- [EXERCISE]:
Could you return each entry below exactly as written, minus any pictures?

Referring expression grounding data
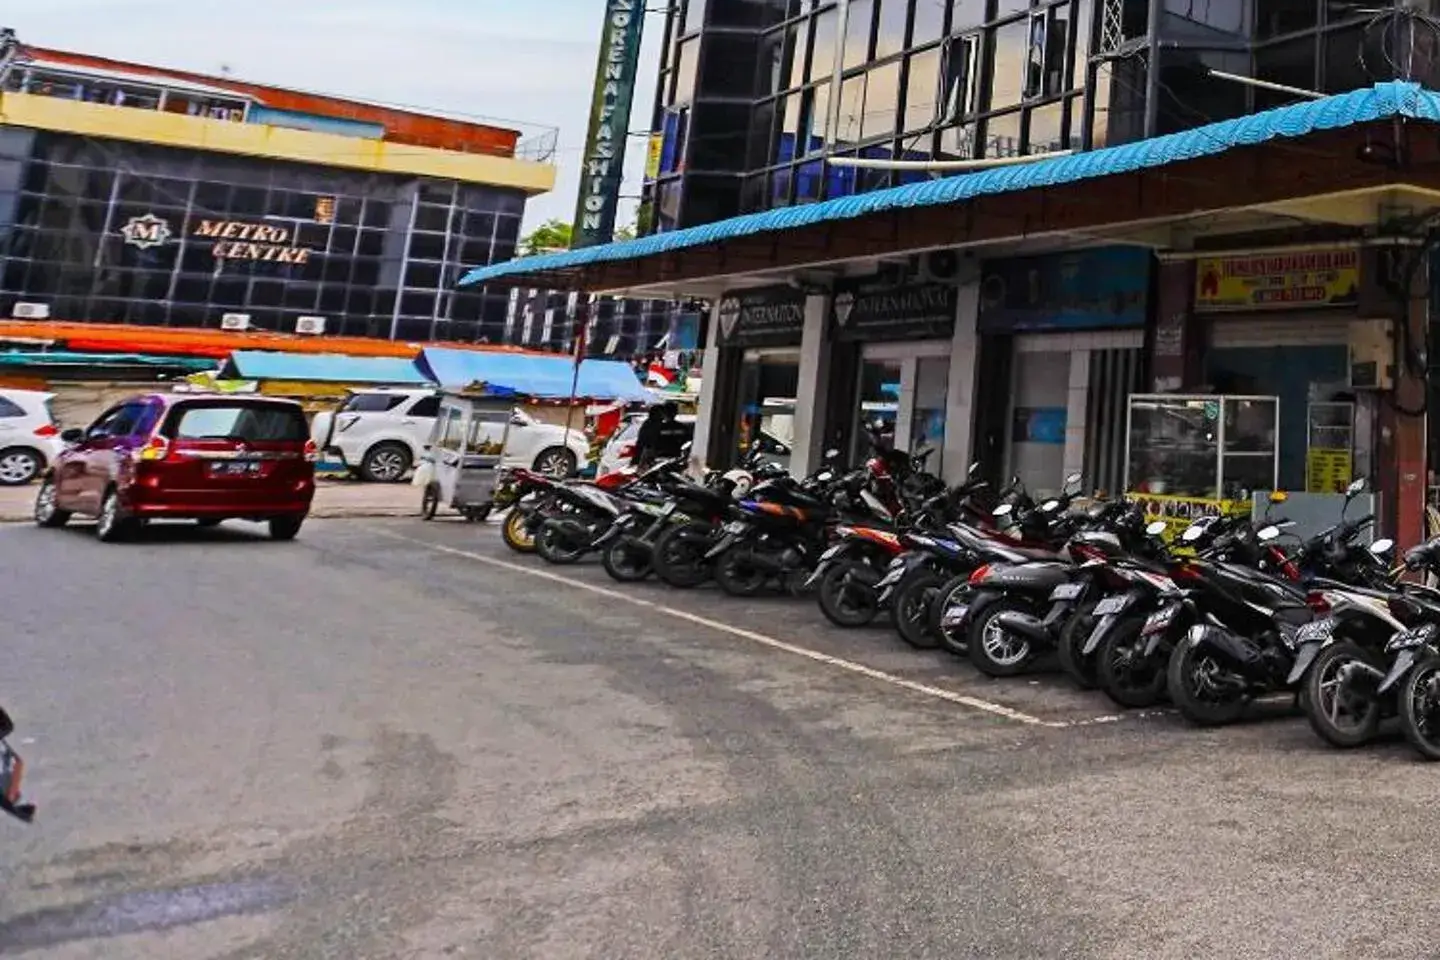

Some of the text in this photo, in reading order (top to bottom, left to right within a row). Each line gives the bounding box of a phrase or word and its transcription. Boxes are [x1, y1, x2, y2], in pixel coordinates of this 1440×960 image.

[583, 104, 617, 229] FASHION
[193, 219, 289, 243] METRO
[211, 241, 312, 264] CENTRE
[741, 301, 802, 326] INTERNATION

- [FINISHED EXERCISE]:
Some of the text in this photo, in reading order (top to bottom, left to right within a row). Each line gives the bounding box of a phrase or word and its transcription. Boxes are [x1, y1, x2, y2], in pixel coordinates of this 1440×960 image.

[583, 104, 617, 229] FASHION
[193, 219, 289, 243] METRO
[211, 241, 312, 264] CENTRE
[741, 301, 802, 326] INTERNATION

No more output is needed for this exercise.